The Pell Laboratory is a highly technical building housing two distinct zones: the headhouse and the biocontainment zone. Not apparent from the Pell Laboratory exterior, some of the most cutting-edge infectious disease research in the world is conducted inside a safe and secure research environment; in this “BSL-3 Enhanced” biocontainment facility scientists study aerosol and insect transmitted diseases such as H5N1 (Avian influenza), Yersinia Pestis (Plague) and Tuberculosis, as well as insect transmitted virii such as West Nile Virus and Francisella Tularensis (Tularamia). Photographers play an important role in the visual communication of our projects. As full-bodied Tyvek suits and respirators are mandatory upon entrance to this biocontainment facility, our photographer, Warren Jagger, was extremely important in visually linking the project and making it available to the outside world.

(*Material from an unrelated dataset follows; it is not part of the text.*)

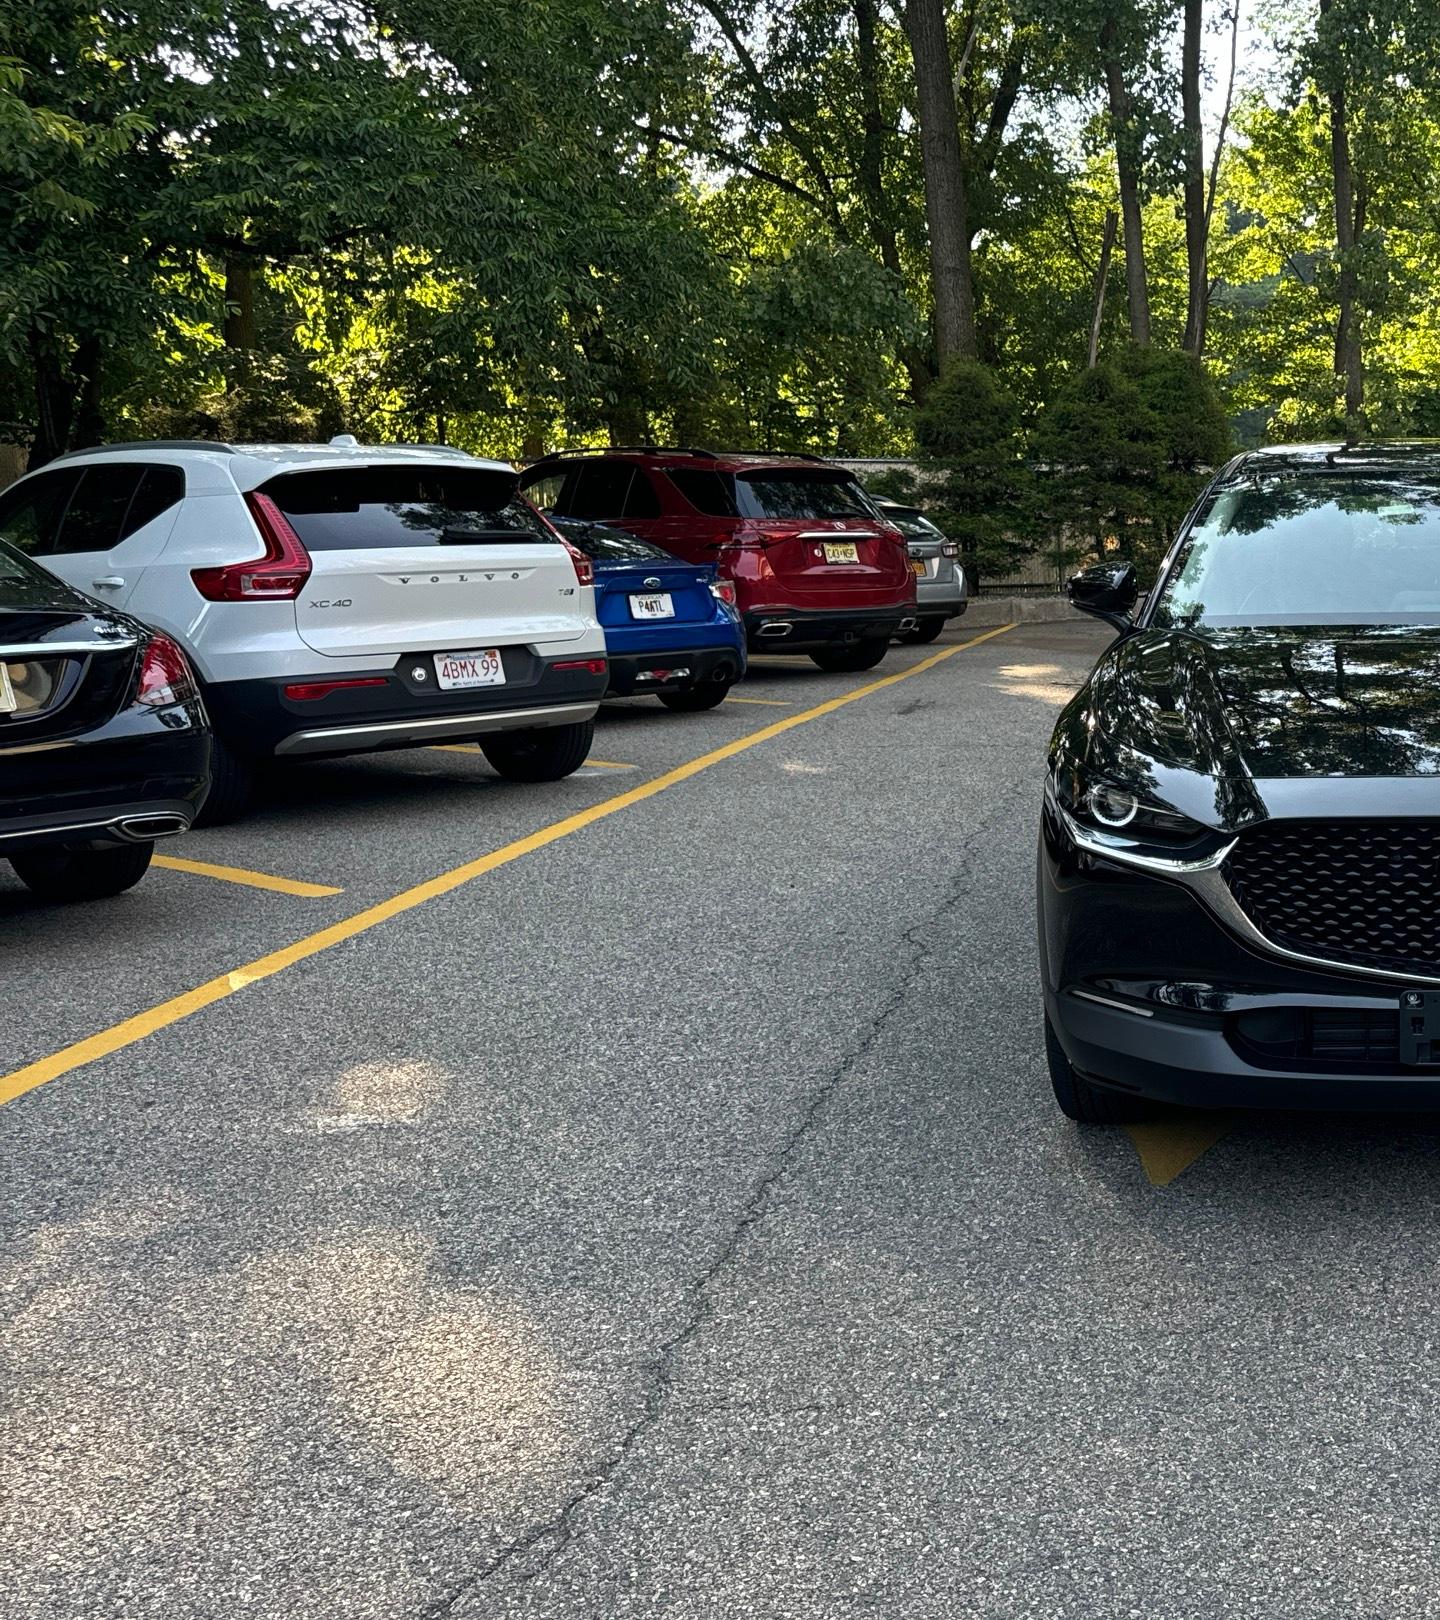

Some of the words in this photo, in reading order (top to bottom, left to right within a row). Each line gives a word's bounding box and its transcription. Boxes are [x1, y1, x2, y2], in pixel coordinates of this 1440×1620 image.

The BSL-3+ biocontainment environment is sandwiched between two interstitial mechanical floors and is directly visible from the main lobby located along the central spine. Transparency across the central spine from the lobby is captured through a custom-designed fully glazed stainless steel pass-through TRANSsterilizer, which connects the BSL-3+ environment to the natural environment outside.
Photography enables us to showcase this unique and, quite fittingly, visible biocontainment facility.
The building’s most distinctive feature is its undulating roof form, which provides a dynamic silhouette against the tree-lined horizon. The zinc clad roof form collects the twin bars of concrete block laboratories that straddle a central spine framing dramatic landscape views at each end. A subtle shifting of the two laboratory bars along the spine frames the building’s main entrance. Fenestration is articulated as a series of vertical slices across the laboratory bars to facilitate cross building transparency – beautiful architectural elements artfully portrayed in our photography.